# Dataset entries
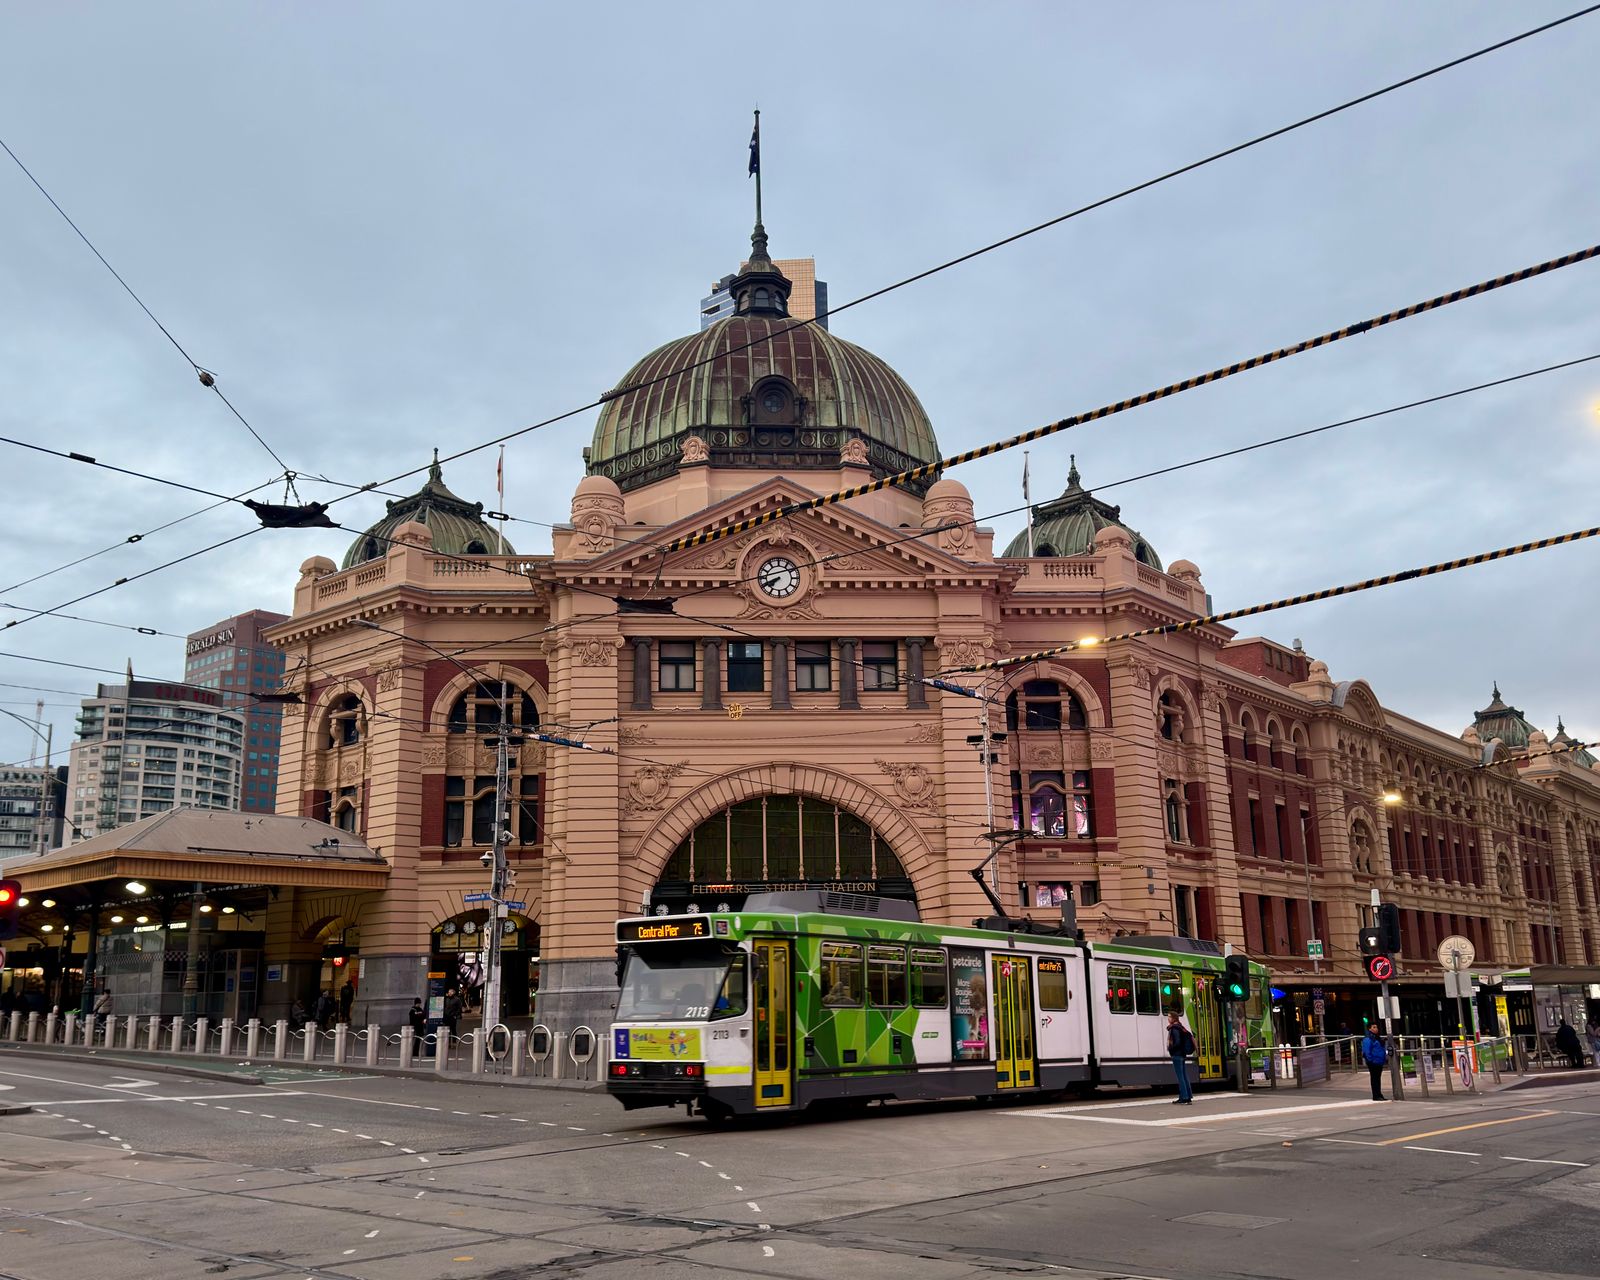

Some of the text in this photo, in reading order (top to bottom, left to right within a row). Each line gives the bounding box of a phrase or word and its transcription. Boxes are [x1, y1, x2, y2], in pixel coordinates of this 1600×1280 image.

[217, 628, 235, 643] SUN
[692, 882, 876, 894] FLINDERS STREET STATION
[638, 925, 664, 938] Central
[665, 924, 679, 937] Pier
[952, 956, 982, 968] petcircle
[685, 1006, 709, 1018] 2113
[713, 1029, 729, 1040] 2113

# About this task
From the first line to the last, reproduce the records above exactly and skip the pictures.

# Solution to the problem
Some of the text in this photo, in reading order (top to bottom, left to right within a row). Each line gives the bounding box of a phrase or word and its transcription. Boxes are [x1, y1, x2, y2], in pixel coordinates of this 1600×1280 image.

[217, 628, 235, 643] SUN
[692, 882, 876, 894] FLINDERS STREET STATION
[638, 925, 664, 938] Central
[665, 924, 679, 937] Pier
[952, 956, 982, 968] petcircle
[685, 1006, 709, 1018] 2113
[713, 1029, 729, 1040] 2113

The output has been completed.